LegalCrystal Citation
SubjectCivil
CourtKolkata
Decided On
Reported inAIR1932Cal877
AppellantB.N. Ry. Co. Ltd.
RespondentRavan Desai and Co.
Cases Referred and Janaki Das v. Bengal
Excerpt:
- .....the plaintiffs' firm claimed a sum of money as damages for nondelivery of the goods against the railway company. the suit was decreed both by the first court and by the lower appellate court. the railway company are now the appellants before us.2. a certain amount of confusion has been created in this case owing to the not altogether consistent attitude taken by the bail-way company in their defence. but the matter becomes clear enough when we look at the claim made by the plaintiffs' firm as made out in the plaint and in the evidence and the findings thereon arrived at by the courts below. the goods were consigned from a station called gondia under a railway receipt in which the weight of the consignment was shown as 107 maunds upon which weight the freight was to be paid. the goods.....
Judgment:

Pearson, J.

1. This appeal arises out of a suit against the B. N. Ry. Co., in connexion with a consignment of certain goods from Gondia to Shalimar in respect of which the plaintiffs' firm claimed a sum of money as damages for nondelivery of the goods against the Railway Company. The suit was decreed both by the first Court and by the lower appellate Court. The Railway Company are now the appellants before us.

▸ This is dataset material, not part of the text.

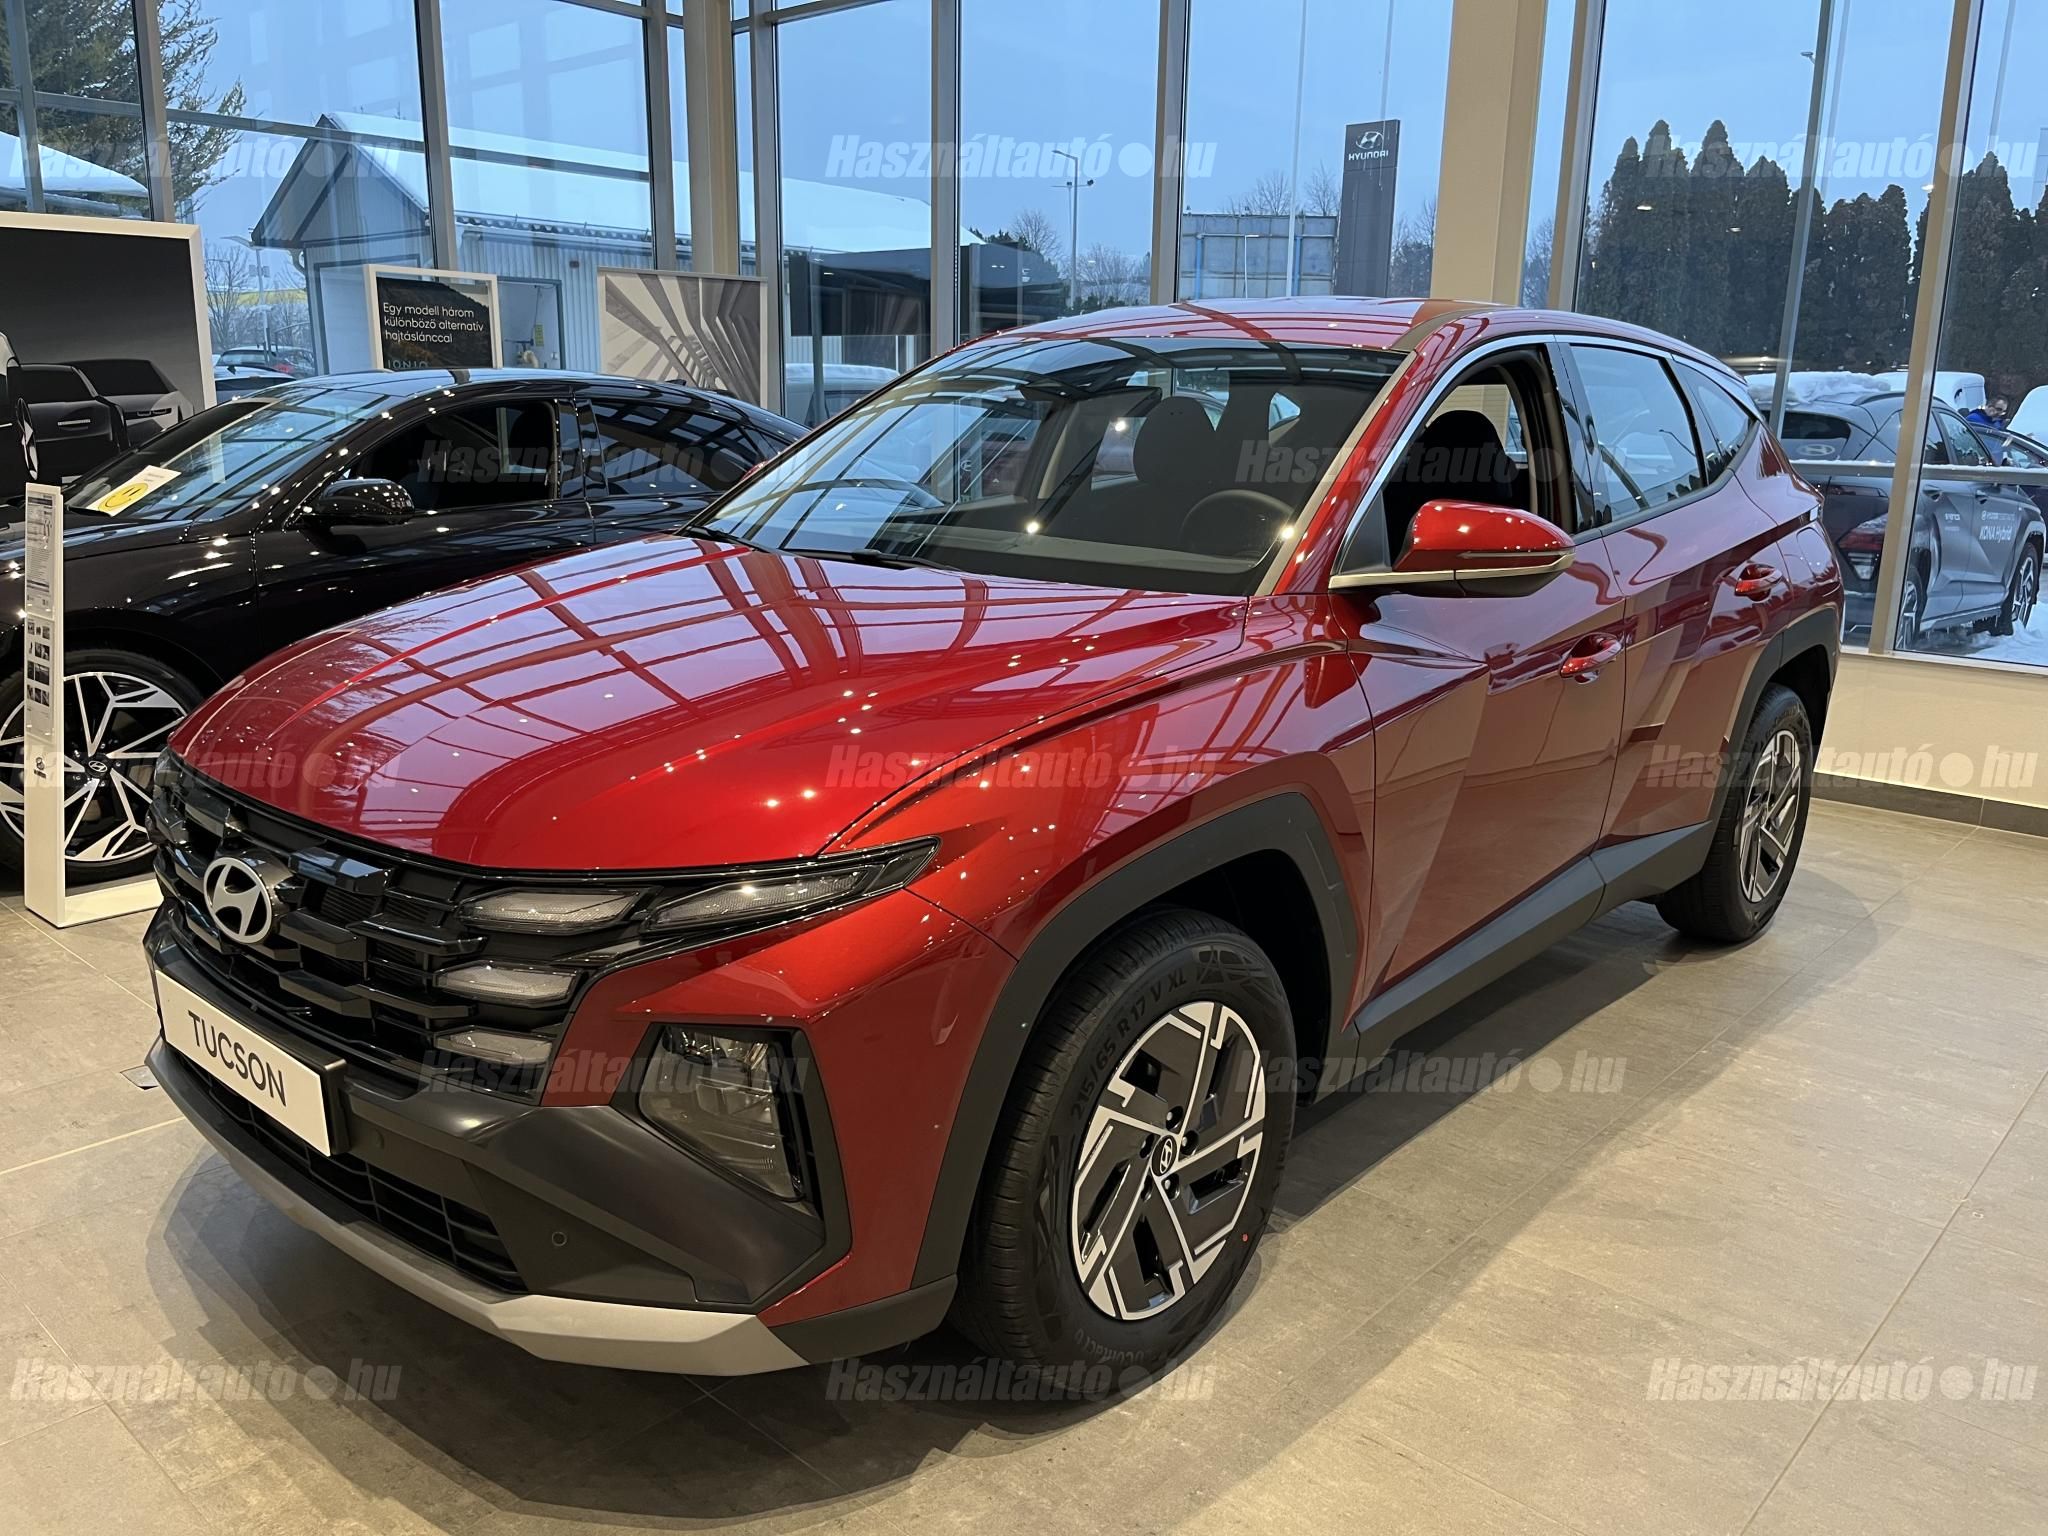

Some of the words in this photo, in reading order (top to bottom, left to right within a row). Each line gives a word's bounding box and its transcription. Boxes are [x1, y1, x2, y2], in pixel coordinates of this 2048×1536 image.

2. A certain amount of confusion has been created in this case owing to the not altogether consistent attitude taken by the Bail-way Company in their defence. But the matter becomes clear enough when we look at the claim made by the plaintiffs' firm as made out in the plaint and in the evidence and the findings thereon arrived at by the Courts below. The goods were consigned from a station called Gondia under a railway receipt in which the weight of the consignment was shown as 107 maunds upon which weight the freight was to be paid. The goods arrived at Shalimar about 10th or 12th February 1927, and the allegation of the plaintiffs' firm is that on the 15th their man went to Shalimar and was 'informed that the weight of the consignment as found on re-weighment at Shalimar was 140 maunds. That weight also appears on the face of the railway receipt. Thereupon the course taken by. the plaintiffs' firm was to request the Ry. Co's, servants to have a fresh re-weighment of the consignment in their presence on which, they said, they were prepared to pay the freight before the removal of the goods. But the Railway Company refused to do this and said that they must either pay the freight on 140 amaunds or go away. On this point material issues were framed as follows:

3. Was delivery of the consignment in suit applied for by the plaintiffs at Shalimar? Did the Railway Officials at Shalimar refuse to give delivery of the consignment unless freight on 140 maunds was paid for the same Did the plaintiffs ask re-weighment of the consignment in their presence and offer to take delivery on payment of freight ascertained on such re-weighment and Did the Railway Company (defendant) refuse the plaintiffs' demand for re-weighment; and the above offer of payment If so, were they justified in doing so Now it is necessary to remember that under the contract of carriage contained in the railway receipt, the Railway Administration reserve to themselves the right of re-weighment and re-calculation of charges at the place of destination and in such case the right of collecting before the goods are delivered any amount that might have been omitted or under-charged. The plaintiffs firm, in the present case, are bound by that part of the contract, The Railway Company had beyond all question the right of re-weighing the consignment which they did. The first Court in dealing with the matter finds upon the evidence that the plaintiffs had demanded a re-weighment of the consignment in their presence and offered to pay the freight which might be charged upon such re-weighment if the freight charged in the railway receipt be not accepted. The Railway Officials did not agree to this and the contention before the trial Judge was that the Railway Company were not bound to allow such re-weighment and were justified in their refusal. On the argument before the trial Judge he states that:

It was admitted by the learned advocate for the plaintiffs that under ordinary circumstances a consignee cannot insist on re-weighment before taking delivery but he contended that the plaintiffs' demand was justified in the exceptional circumstances in the case.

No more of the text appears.